Israel is in the process of acquiring the most sophisticated conventional weaponry known to the 21st century. The Israel Air Force is procuring the 5th generation F-35, the navy has signed for a 6th Dolphin submarine and the army is equipping with the Merkava IV main battle tank. From missile defense systems to assault rifles the Israel Defence Forces is at the fore of innovation, re-equipment and preparedness. There is no state that could stand a chance of threatening Israel. The trauma of the Yom Kippur War has influenced this procurement, yet the failure of Yom Kippur was not the equipment at the time but the intelligence evaluation that left Israel surprised. Indeed the success of Yom Kippur was the equipment and the valor of the soldiers to prevent Israel’s annihilation.
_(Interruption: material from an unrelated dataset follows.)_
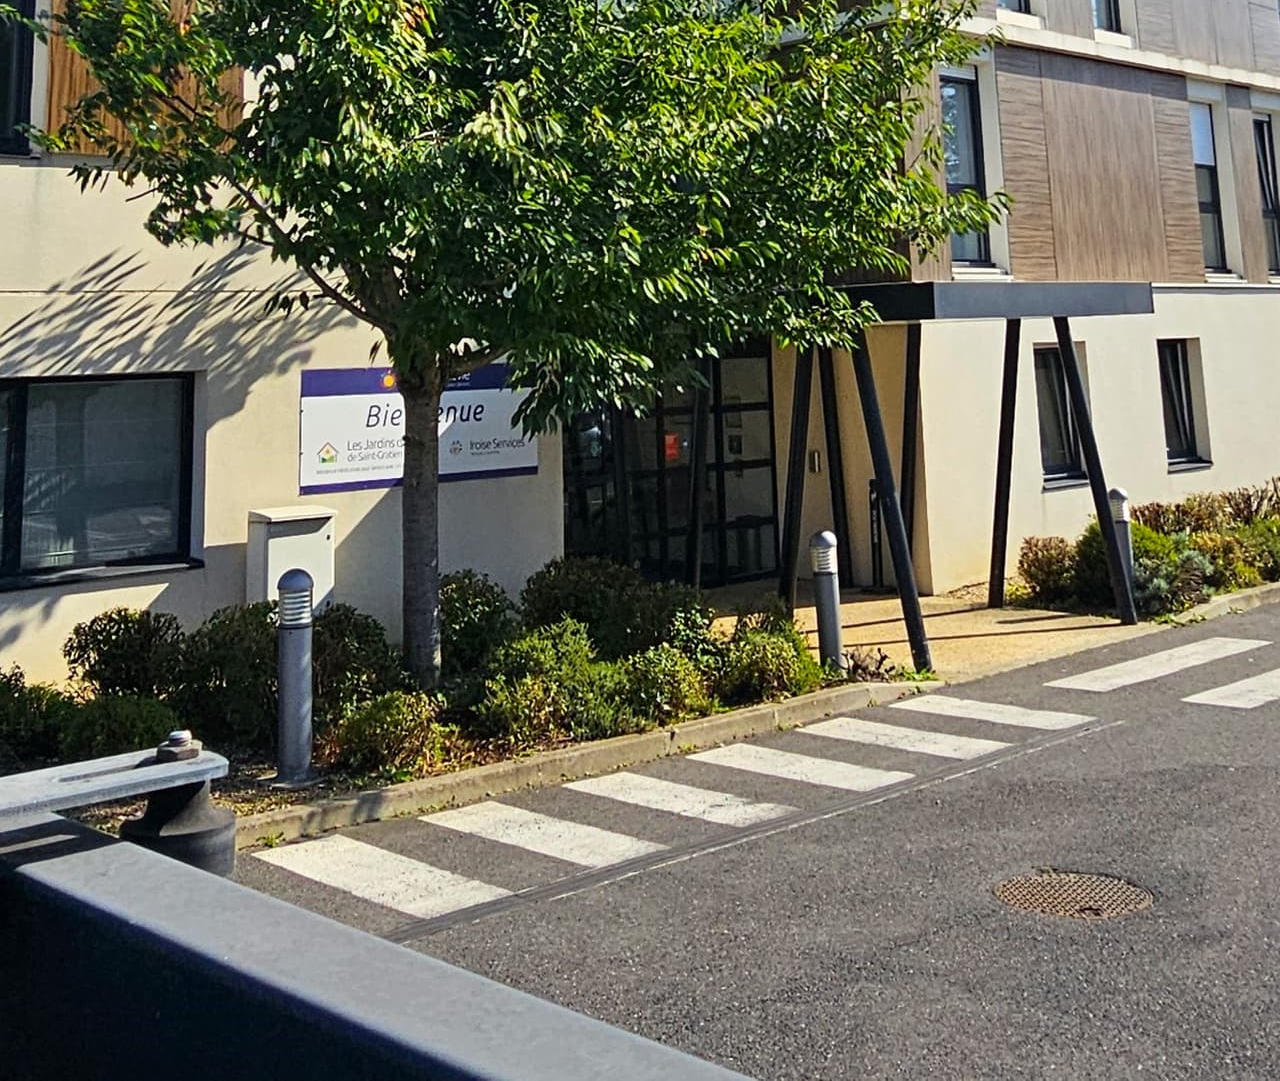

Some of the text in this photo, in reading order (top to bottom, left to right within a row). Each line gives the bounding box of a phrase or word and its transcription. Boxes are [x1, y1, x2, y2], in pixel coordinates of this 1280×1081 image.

[366, 403, 485, 428] Bieenue
[346, 440, 363, 452] Les
[363, 437, 396, 450] Jardins
Forty years since the Yom Kippur war commenced and the trauma remains, for all the states involved. Two of Israel’s four neighbouring states have entered into peace treaties with Israel, Egypt and Jordan. Egypt was a direct consequence of the Yom Kippur War. Syria built up its chemical arsenal in the 1980s when Israel was operating in Lebanon, fearing incorrectly that Israel also had ambitions on Syria. However Syria is in a civil-war while Lebanon is fragmented. So Israel’s adversaries since 1973 have not been states, but rather non-state entities such as terrorist organizations and Palestinian nationalism. States such as Iran have sponsored these threats. Israel has found, like other counties, that the use of military means against non-state entities such as terrorist organizations, their state sponsors and nationalism is not the most effective of means. History has shown that nationalism eventually achieves its goal. History has shown that aircraft, tanks and submarines cannot combat terrorism or resolve nationalist movements; yet they are essential to deter and to defend.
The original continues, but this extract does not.